Giving God the hopes, fears and thanks.
Today, I read “Receive His grace all day.” It struck me that the hands I open to give are rarely opened to receive from God. I forget that I need His grace all day long, every moment. More importantly, I forget that His grace is a reservoir that never runs dry. I forget that it is ours simply for asking, just by saying, I need you every hour. Again, I’m not able on my own and you know it God, still you wait patiently for me to remember.
We cannot put our hopes in this country. I’m sorry if that sounds unpatriotic. It hurts to know that and I worry that hopelessness is outpacing the destruction of the pandemic. Without hope, without God and His grace, none of us can sustain our own manufactured hope.
Open your hands as needed today. Receive grace.
“Let us then with confidence draw near to the throne of grace, that we may receive mercy and find grace to help in time of need.” Hebrews 4:16 ESV
Don’t you love it when the sky, pre-dusk and cloudy draws your eye up
to see a round ball with an aura and you’re confused over whether it is the sun or the moon?
But, it doesn’t matter. You’re not bothered by your lack of wisdom in the area of science. You’re enamored with the beauty, the beauty of the sun and/or moon.
Don’t you love it when you recognize your bravery and for only a minute, even less, you allow it to make you afraid,
Afraid of others, afraid of too much true you?
Don’t you feel brave when you are you?
Don’t you just love it when you reach down to collect another feather because to you, it means something, to you it feels like you see me?
Do you see the change when your aunt sends you off from your visit with a pot of your own of “hen and biddy” succulents?
Don’t you feel brave when she doesn’t remind you that these grey green waxy flowers are from the funeral arrangement of your mama
And you remember but you don’t linger in the scene of sorrow’s visual?

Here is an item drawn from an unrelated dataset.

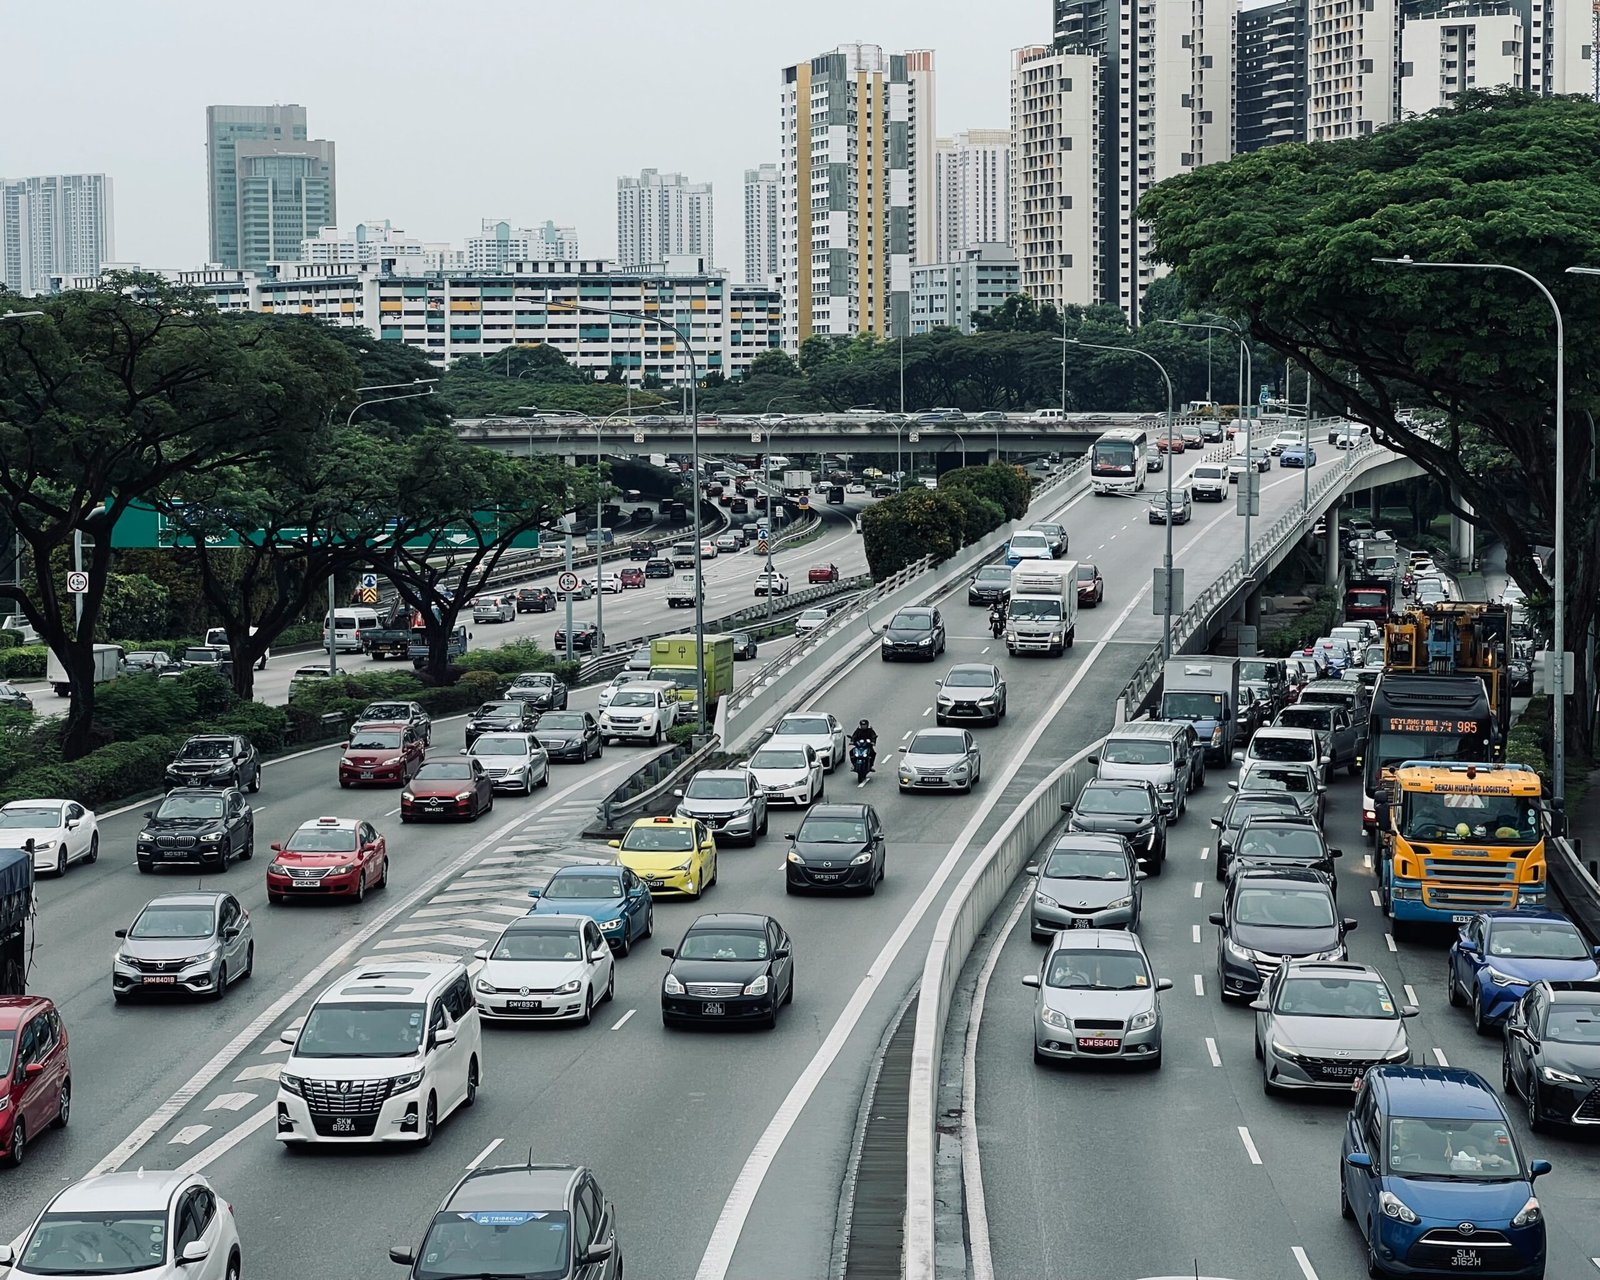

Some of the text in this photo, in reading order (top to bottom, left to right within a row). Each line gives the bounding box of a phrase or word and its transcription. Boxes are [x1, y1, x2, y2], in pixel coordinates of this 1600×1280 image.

Don’t you love it when even grief can become beautiful, when you see me more clearly and see more clearly how I see you?
Beautiful all along,
even more evident and every thing beautiful, in time?
Don’t you love it?
God
Overwhelmed with bliss are all who will entwine their hearts in him, waiting for him to help them. Isaiah 30:18, Passion translation
It would be a stretch to say my parents were like Johnny and June. My daddy was small in stature and my mama although very wise, didn’t exhibit a tone of outward patience. Their tolerance for one another came and went, seems it was either battleground or preparing for the coming battles, a rhythm they finally mastered.
As a young woman, I had to move back home. Things happened that led to college being too hard for me. To an outsider, it would appear I gave up or wasn’t college material. Few people knew, most weren’t informed, college was interrupted by unanticipated harm. So, I lived at home in the house by the pond for just a bit, a young woman trying to figure what’s next and ignoring the need to heal.
Most mornings, I lingered lazily in my room. My fascination with art numbed by my sudden incapability.
My parents were in their chairs with coffee. Their singsong exchange in kind conversation captivated me. This is what made me think of Johnny Cash and his longsuffering wife, June.
“This morning, with her, having coffee.” Johnny Cash, when asked his idea of paradise
I cling to the memory of my parents having conquered hopeless days in their marriage and sitting in their morning chairs, calmly talking, planning for possibility.
It occurred to me last week as I thought of my own children, adults navigating marriage, parenting, career in a time such as this, I don’t remember my parents asking one another a question,
“How did we get here with Lisa? Where did we go wrong?”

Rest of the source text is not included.